Last week though, I've migrated all but one of my projects to git. The only bzr repository left is the one for $work where I want to avoid retraining people to use git since they are not coders.

I had no real complaints with bzr. Sure, it's generally slower than git, the repository size is slightly larger than git's, and branching is a bit more cumbersome than in git, but all of those have never bothered me enough to part with bzr.

The clincher, however, came when I needed to write some post-commit hook to post my commit messages to an internal web-based bulletin board.
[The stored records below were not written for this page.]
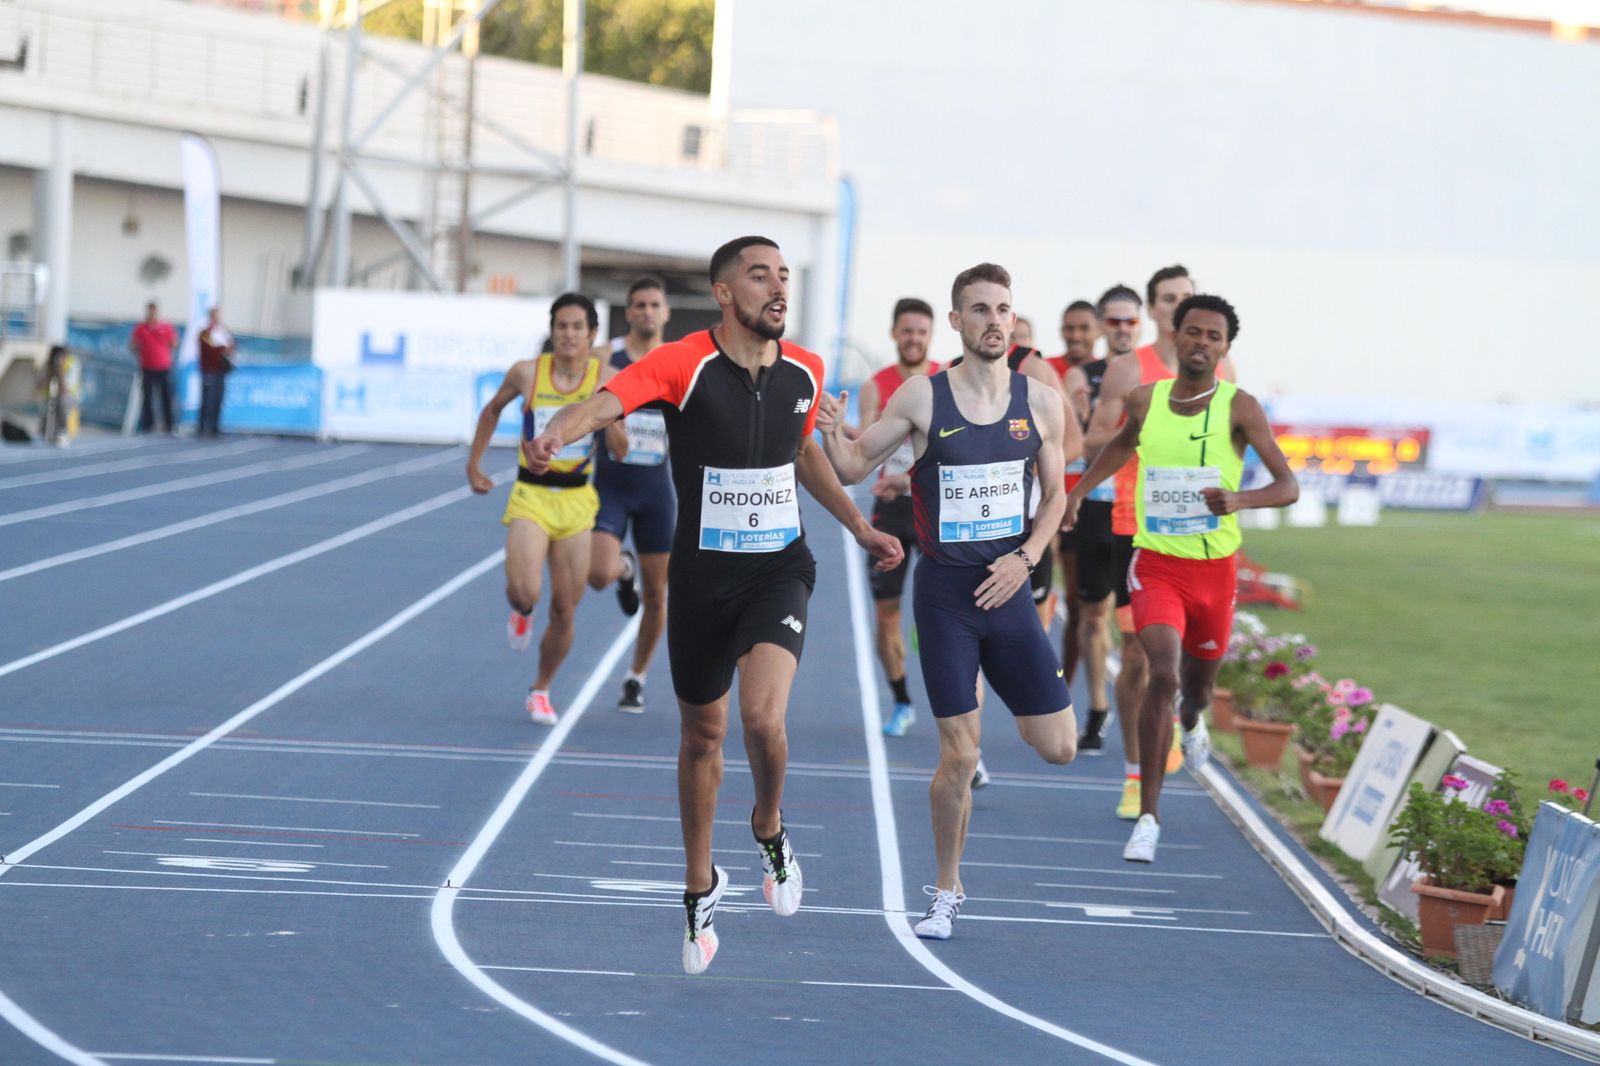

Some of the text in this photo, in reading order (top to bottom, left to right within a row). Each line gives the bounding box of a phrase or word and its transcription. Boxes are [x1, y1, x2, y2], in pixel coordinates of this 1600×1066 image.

[709, 488, 792, 506] ORDOÑEZ
[945, 482, 1020, 500] DE ARRIBA
[1152, 490, 1205, 504] BODEN
[981, 504, 990, 518] 8
[749, 513, 759, 528] 6
[975, 519, 1013, 531] LOTERÍAS
[741, 532, 784, 542] LOTERÍAS
In bzr you need to write a plugin written in Python. Not that there's anything wrong with it, but I don't think I even want a Perl-based SCM where I need to write a Perl plugin for everything when a two-line shell script will do. Add to that fact that bzr doesn't provide a template/skeleton for the plugin and I have to spend a few minutes to google around the plugin API (in addition to refreshing my memory on Python syntax), etc.

I think I'm much more comfortable with git nowadays.

Some Indonesian-specific modules to check SIM, NPWP, NIK

Today for some reason I finally got motivated enough to write and release Business-ID-{NIK,SIM,NPWP} to CPAN. Been wanting to for years, but haven't got around to it due to lack of challenge and, more importantly, reference. For example, so far I haven't found a publicly available and authoritative document explaining the numbering scheme and the valid area codes for the SIM. I had to do some deducing (read: guessing) from some thousands of actual user-submitted SIM, NPWP, and NIK/KTP numbers (some of them most certainly bogus). Isn't it sad?

If you encounter some valid numbers being rejected by the modules, or vice versa, feel free to report them as bugs.